Еще до отъезда нашего в Корнел пришла весть о гибели старейшего и интимнейшего моего друга Ильи Фондаминского. Он стал в Компиенском лагере, близ Парижа, православным - не страха ради, а под влиянием, с юных лет начиная, общения с православными своими друзьями и приятелями Мережковскими, а позднее - Бердяевым, Степуном, Федотовым, Булгаковым и другими. Это не помешало палачам, именовавшим себя тоже христианами, замучить его в газовой камере Аушвица. Все мои и Зензинова усилия отметить трагическую кончину этого замечательного, несмотря на ряд дефектов, человека, изданием сборника его памяти, натолкнулись на возражения со стороны одних и недостаточную поддержку других.

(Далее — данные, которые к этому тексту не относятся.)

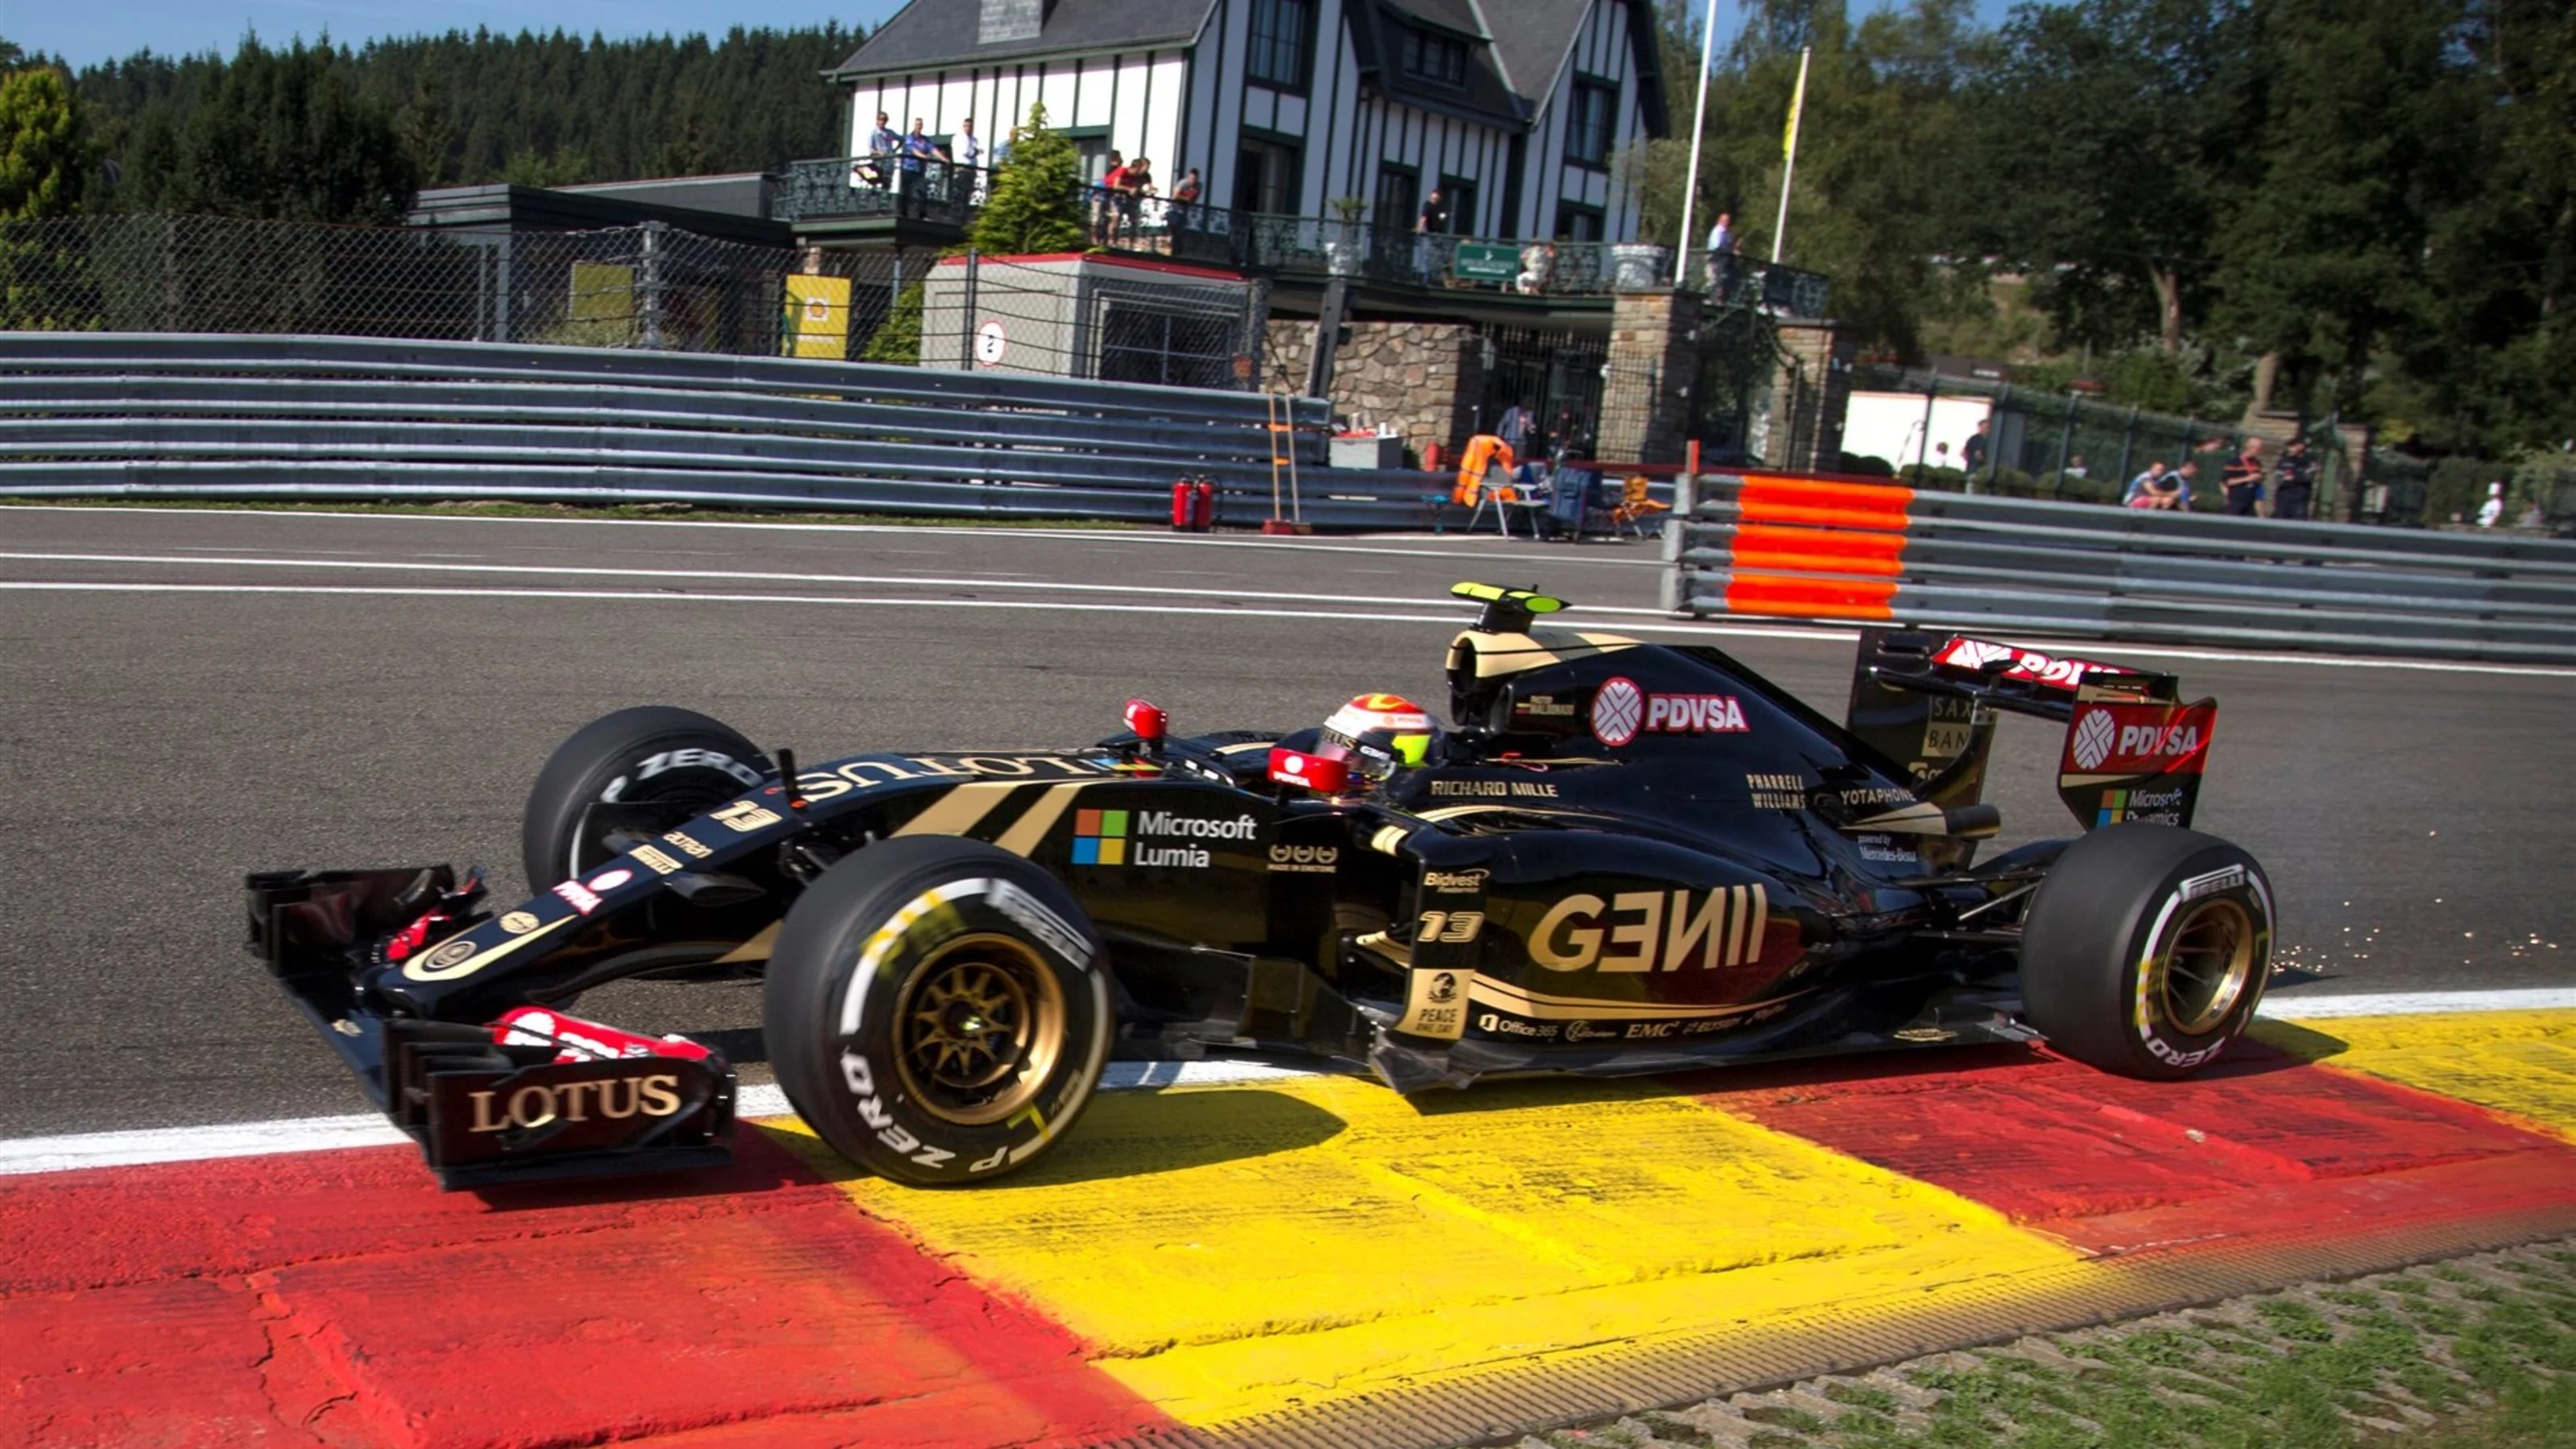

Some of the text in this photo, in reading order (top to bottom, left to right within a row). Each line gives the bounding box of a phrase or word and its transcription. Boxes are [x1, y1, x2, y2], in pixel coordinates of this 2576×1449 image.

[1646, 696, 1751, 733] PDVSA
[2118, 725, 2198, 756] PDVSA
[636, 748, 764, 787] ZERO
[796, 757, 1099, 802] LOTUS
[1746, 774, 1804, 791] PHARRELL
[1431, 780, 1559, 798] RICHARD MILLE
[1840, 789, 1917, 805] YOTAPHONE
[710, 800, 783, 832] 13
[1137, 811, 1257, 840] Microsoft
[1134, 843, 1210, 868] Lumia
[1424, 872, 1482, 886] Bidvest
[2180, 863, 2245, 902] PIRELLI
[1417, 910, 1485, 943] 13
[1418, 1008, 1458, 1022] PEACE
[1499, 1020, 1537, 1036] Office
[2145, 1036, 2227, 1068] ZERO
[465, 1075, 682, 1133] LOTUS
[840, 1051, 1007, 1172] P ZERO

Нам говорили: почему сборник памяти одного мученика, когда их было множество, тоже достойных?! .. В итоге не был издан сборник и в память Фондаминского. Всё ограничилось двумя статьями: "И. И. Фондаминский в эмиграции" Г. Федотова и "Памяти И. И. Фондаминского-Бунакова" В. Зензинова в 18-й книге "Нового Журнала".
Другого нашего друга Вадима Руднева, бывшего московского городского голову, видного эсера, также редактора "Современных Записок", мы поминали многими речами на публичных собраниях. В. Руднев скончался от неизлечимого недуга неожиданно не только для нас, но и для себя, врача, накануне отъезда в Америку, куда он получил "визу" одновременно с нами. Он задержался потому, что его раздирали сомнения: вправе ли он бросить приютившую его страну в дни поражения и унижения, допустимо ли это?!..

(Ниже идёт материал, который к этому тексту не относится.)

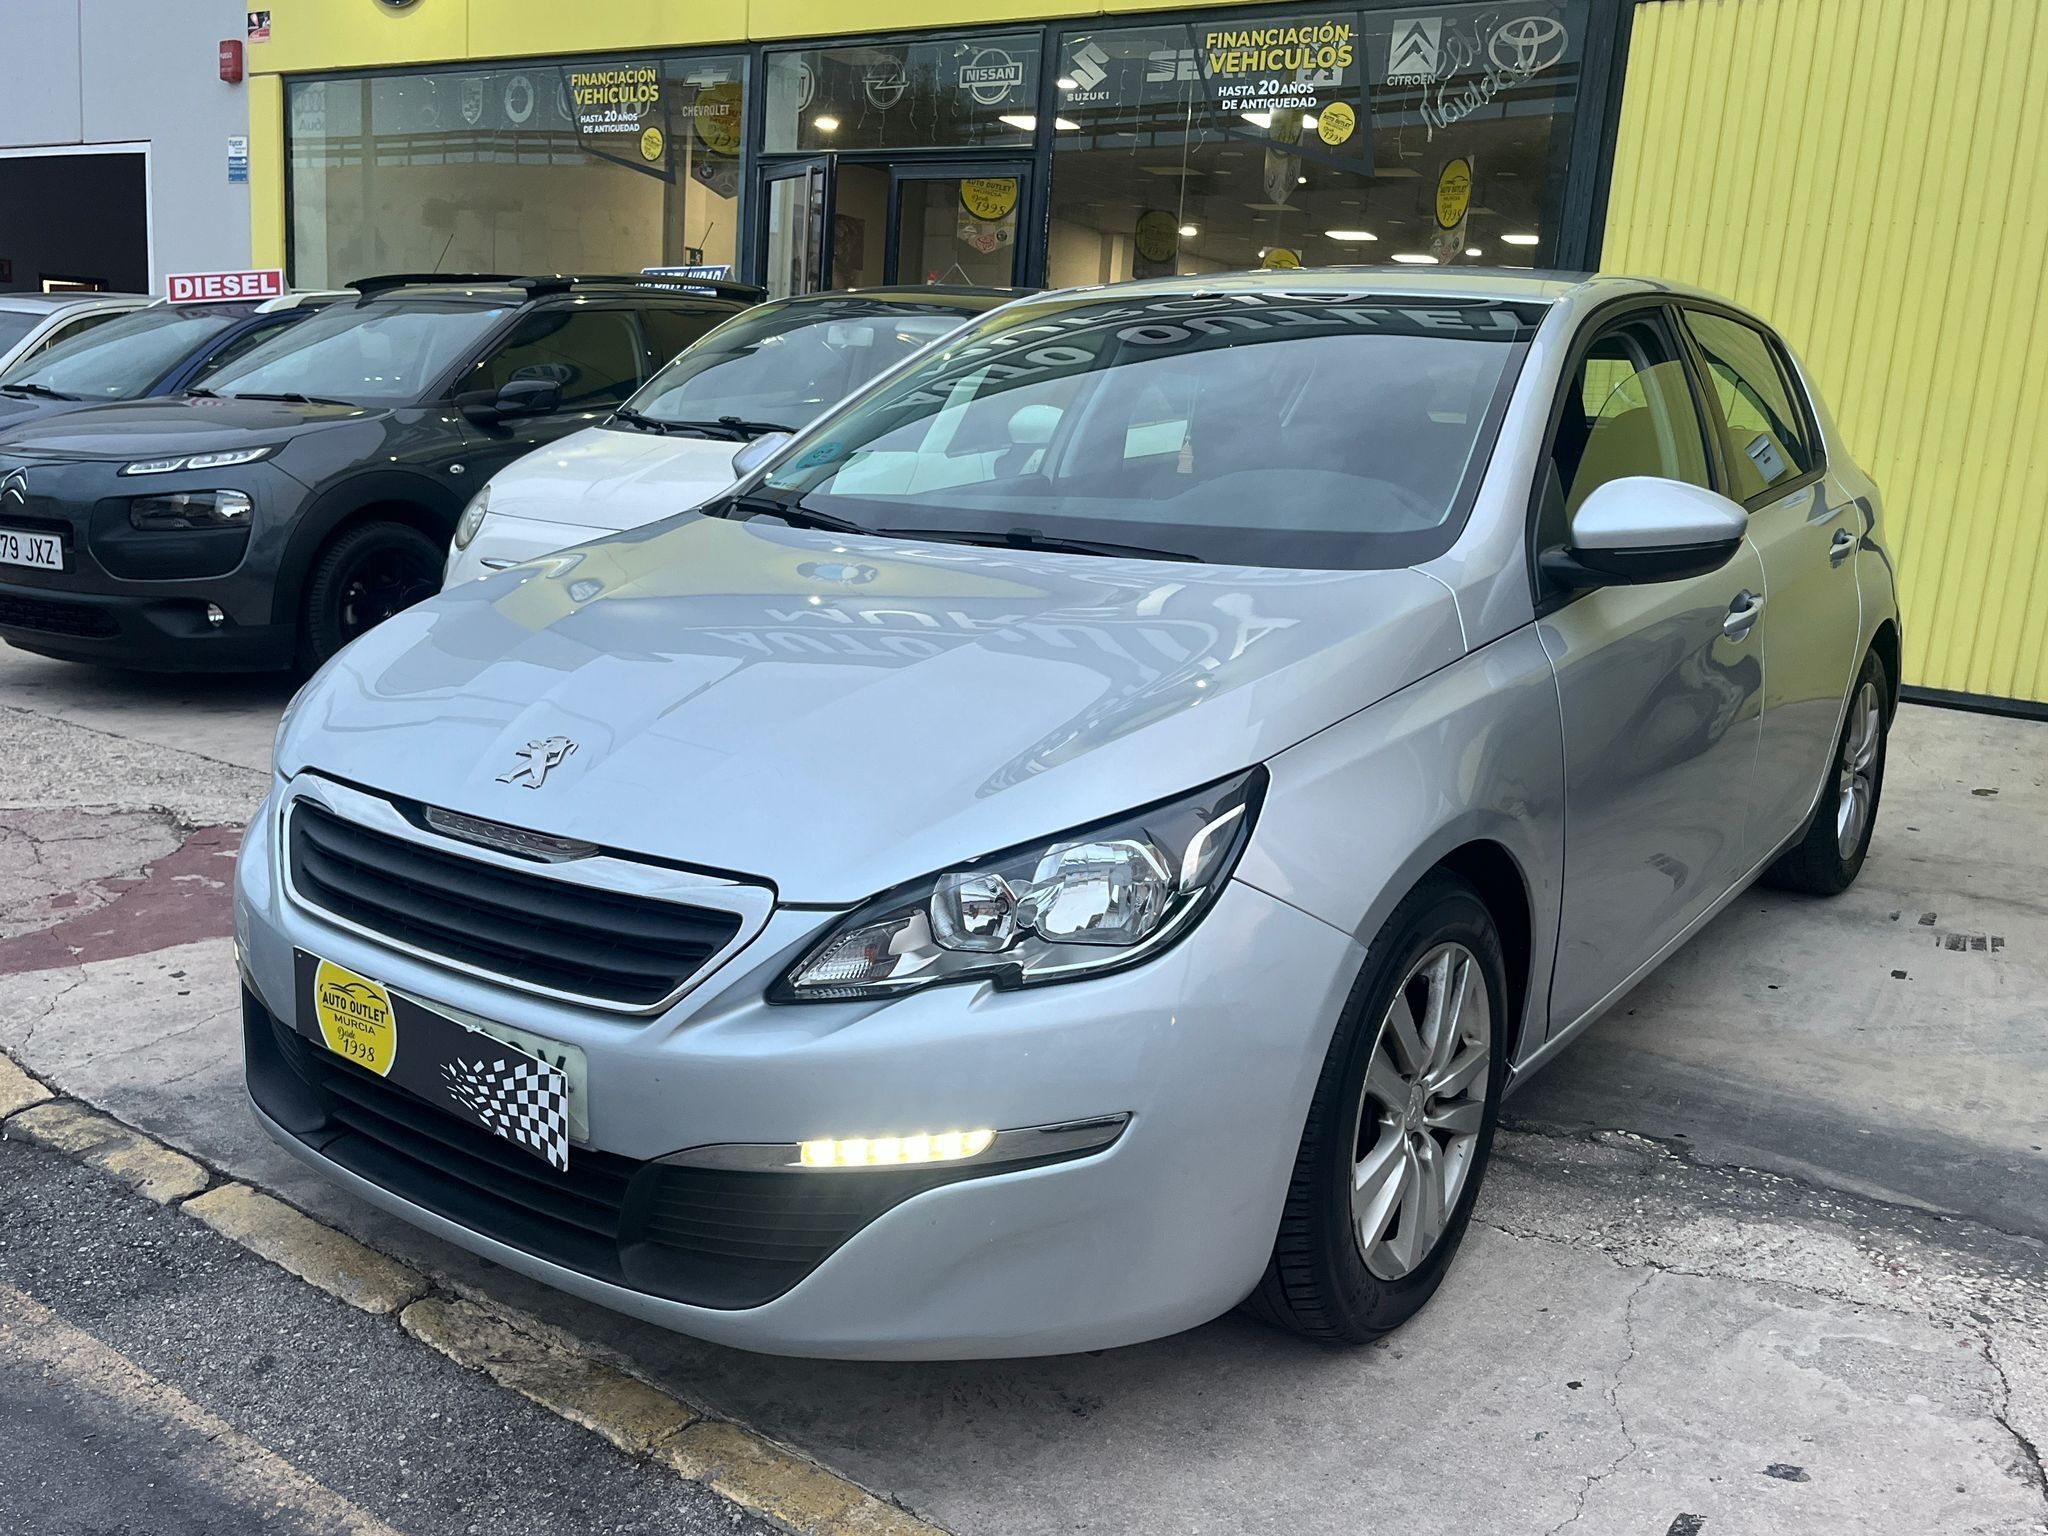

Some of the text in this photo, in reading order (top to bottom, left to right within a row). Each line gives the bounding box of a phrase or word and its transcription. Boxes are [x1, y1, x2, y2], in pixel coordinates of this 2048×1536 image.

[1206, 21, 1350, 49] FINANCIACIÓN
[1209, 44, 1353, 74] VEHÍCULOS
[571, 67, 657, 87] FINANCIACIÓN
[966, 66, 1015, 81] NISSAN
[574, 83, 660, 105] VEHÍCULOS
[1066, 91, 1110, 102] SUZUKI
[1218, 79, 1314, 97] HASTA 20 AÑOS
[682, 104, 730, 117] CHEVROLET
[1222, 97, 1317, 110] DE ANTIGUEDAD
[580, 110, 638, 123] HASTA 20 AÑOS
[583, 123, 640, 134] DE ANTIGUEDAD
[986, 182, 1012, 192] OUTLET
[975, 200, 1007, 216] 1998
[174, 273, 277, 299] DIESEL
[26, 537, 56, 565] JXZ
[441, 814, 544, 849] PEUGEOT
[323, 991, 386, 1024] AUTO OUTLET
[334, 1013, 376, 1036] MURCIA
[343, 1038, 375, 1062] 1998

Наконец, последнему редактору "Современных Записок", если не считать меня, - Николаю Дмитриевичу Авксентьеву родные устроили в Нью-Йорке торжественные похороны, а мы, его товарищи и единомышленники, напечатали некрологи в "За Свободу", "Новом Журнале" и "Новом Русском Слове". Писал я об Авксентьеве в "Новом Журнале" и тогда, когда исполнилось десять лет после его смерти. Спустя некоторое время пришлось хоронить и вдову Руднева, Веру Ивановну, "Замечательную женщину", как я озаглавил свой некролог в "Новом Русском Слове". Умер Николай Калашников в мое отсутствие в Нью-Йорке. И когда я вернулся туда, из друзей, с которыми я мог делиться личными и, особенно, интимно-политическими мыслями и сомнениями, у меня остались лишь Зензинов и Коварский.
Прошло несколько лет, не стало и Владимира Зензинова, с которым я и жена сблизились как раз за последние годы его жизни, когда одинаково стали ощущать свою политическую осиротелость, а потом одиночество.

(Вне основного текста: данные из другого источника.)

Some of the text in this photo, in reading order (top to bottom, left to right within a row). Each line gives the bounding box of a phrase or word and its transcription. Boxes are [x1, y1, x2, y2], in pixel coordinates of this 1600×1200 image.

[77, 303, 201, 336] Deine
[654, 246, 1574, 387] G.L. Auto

В России мы с Зензиновым делали общее дело, иногда даже то же самое, хотя он был "старше" меня не по возрасту только, а и по партийно-политическому стажу, рангу и {221} роли, которую он играл в партии. В 1905 году мы вместе переносили в железных коробках от чая бомбы во время вооруженного восстания в Москве, и оба были представителями московской организации на первом съезде П. С.-Р. в Финляндии. В России и в эмиграции мы многократно бывали соредакторами партийных журналов. Зензинов назначил меня и доктора Коварского своими душеприказчиками. И как мог, не совсем удовлетворительно, я старался выполнить это задание.
Наконец, значительно позднее, в 1962 году, покинул нас И. Н. Коварский, последний из ближайших моих друзей и политических единомышленников. Я познакомился с ним сравнительно поздно: в аудитории Московского университета в мартовские дни 1917 года, при встрече бабушки Брешковской, вернувшейся из Сибири. Но сблизились мы не только благодаря общности наших политических и иных взглядов и последующему дружескому общению "семьями", но и на совместной работе, политической и неполитической. По моему предложению, Коварский был приглашен заведовать конторой и экспедицией "Русских Записок" в Париже, когда редактором стал Милюков, а я - секретарем. Совместная работа в течение полутора лет, до самой второй мировой войны, способствовала моему сближение с Коварским, - я мог лучше оценить и полюбить его.
Политически я остался один, хотя сохранил дружеские отношения с другими эсерами, с внепартийными единомышленниками и с меньшевиками, руководимыми Р. А. Абрамовичем, моим старым другом Шварцем и Николаевским.
Политическая изолированность вызвана была потерей всех видных представителей партии и связанной с этим политической бездеятельностью. К политической прибавилась и личная осиротелость. Первое письмо, пришедшее по окончании войны от сестры из Москвы после десятков лет молчания, извещало о смерти отца.